Por la fe Enoc fue traspuesto para no ver muerte, y no fue hallado, porque lo traspuso Dios; y antes que fuera traspuesto, tuvo testimonio de haber agradado a Dios[3].

En otros pasajes también vemos que caminar con Dios expresa estar conectado con Él. Esto se observa en versículos como:

Noé era un hombre justo y honrado entre su gente. Siempre anduvo fielmente con Dios[4].

¿Y qué es lo que demanda el Señor de ti, sino solo practicar la justicia, amar la misericordia y andar humildemente con tu Dios?[5]

Al igual que a Enoc, a nosotros también se nos insta a tener una estrecha relación y una profunda devoción con Dios a fin de poder cultivar una semejanza con Cristo. Veamos los tres elementos que conforman la devoción a Dios.

Temor de Dios

La Escritura emplea la frase temor de Dios en dos sentidos muy distintos: 1) el de pavor ansioso y 2) el de veneración, reverencia y sobrecogimiento. El temor en el sentido de pavor ansioso se produce al tomar conciencia de la inminente sanción divina contra el pecado, como en el caso de Adán que se escondió de Dios después que pecó porque sintió miedo[6]. No obstante, al habernos librado de la ira de Dios, esa suerte de temor a estar eternamente separados de Él desaparece para los cristianos.
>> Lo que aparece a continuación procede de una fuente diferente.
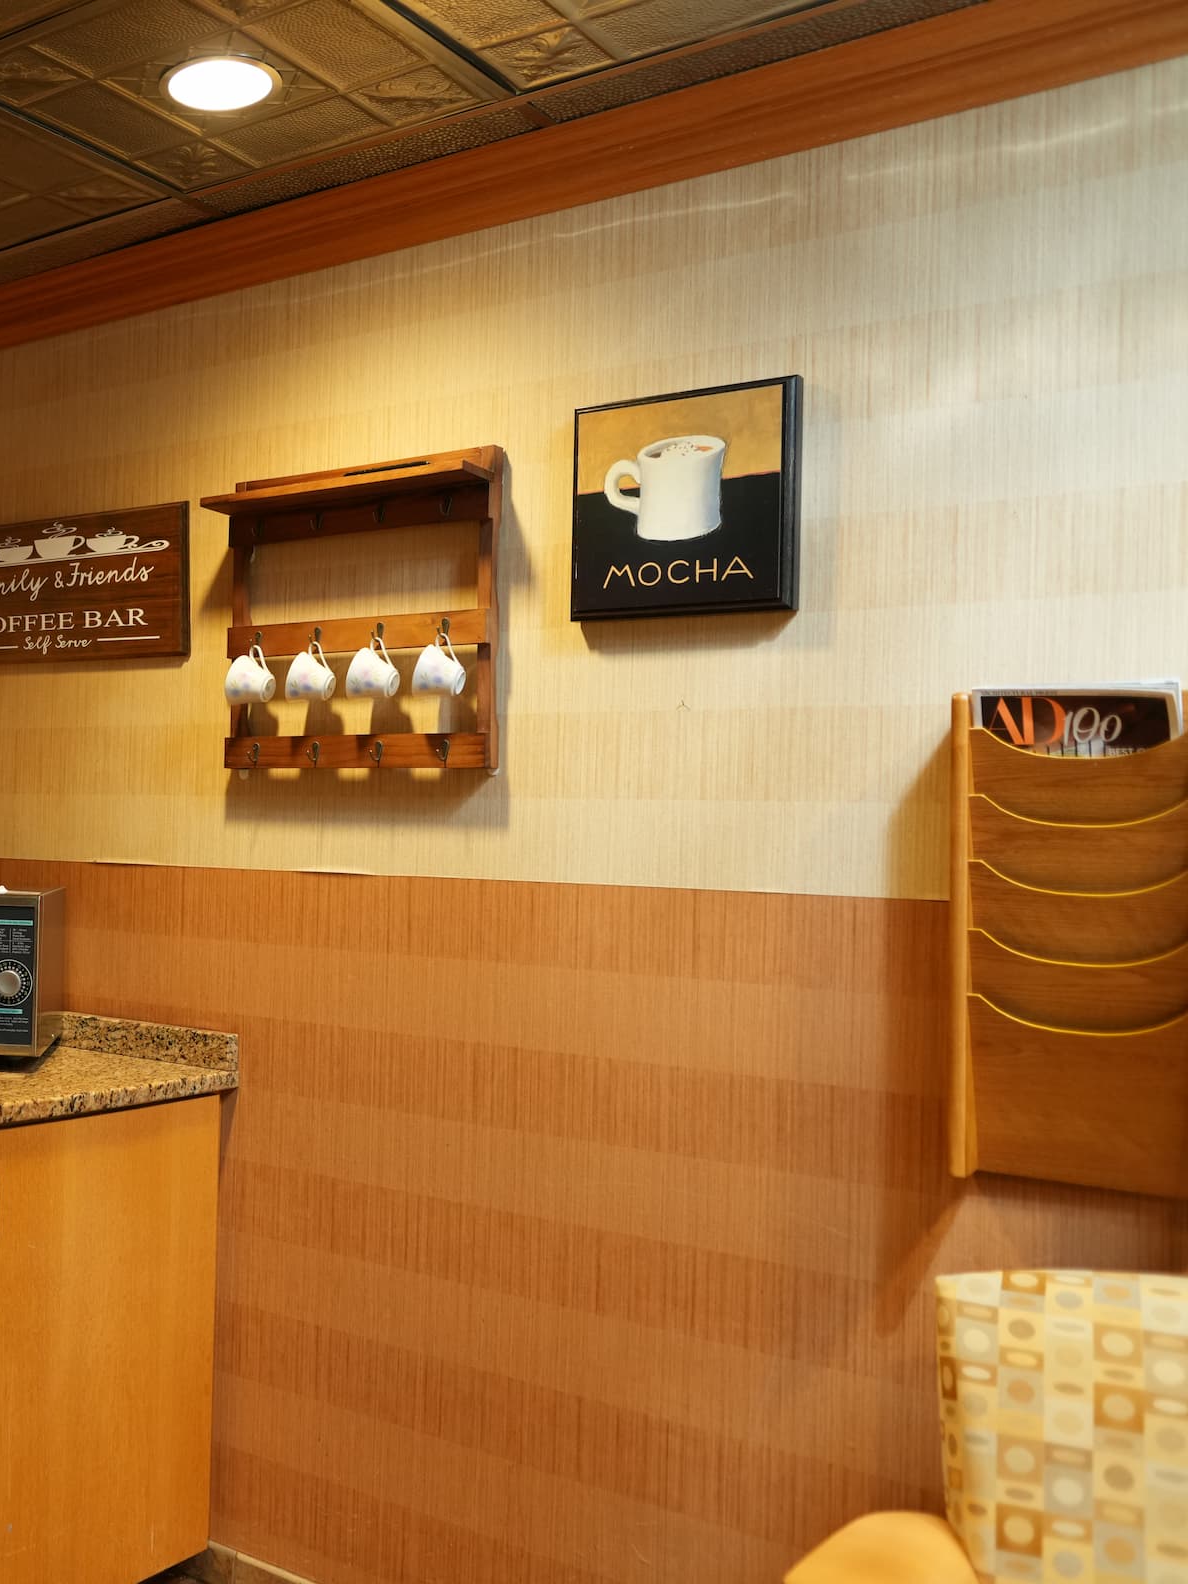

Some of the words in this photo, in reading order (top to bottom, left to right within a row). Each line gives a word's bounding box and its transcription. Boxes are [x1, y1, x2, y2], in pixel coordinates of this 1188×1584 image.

Naturalmente que podemos ser objeto de la disciplina divina a causa de nuestros pecados, y quizá le temamos a esa disciplina, mas no sentimos pavor a la cólera de Dios.

Para los creyentes, el significado primordial del temor de Dios es veneración y honra, reverencia y sobrecogimiento. Jerry Bridges escribió:

Es la actitud que suscita adoración y amor, reverencia y honor en nuestro corazón. Se centra no en la ira de Dios, sino en Su majestad, santidad y gloria trascendente[7].

Así pues, cuando pensamos en el temor de Dios debemos atribuirle el sentido de reverencia y asombro.

Leemos que cuando Isaías se encontró ante la presencia de Dios quedó pasmado por Su gloria y majestad. Su reacción demostró lo sobrecogido que se sintió en presencia de semejante pureza y santidad.

Soy hombre de labios inmundos y en medio de un pueblo de labios inmundos habito, porque han visto mis ojos al Rey, el Señor de los ejércitos[8].

El apóstol Juan escribió al referir su visión de Jesús en los cielos:

Me volví para ver la voz que hablaba conmigo. Cuando lo vi, caí a Sus pies como muerto. Y Él puso Su diestra sobre mí, diciéndome: «No temas»[9].

Tales reacciones nacen de un profundo sentido de veneración, tributo y temor reverencial.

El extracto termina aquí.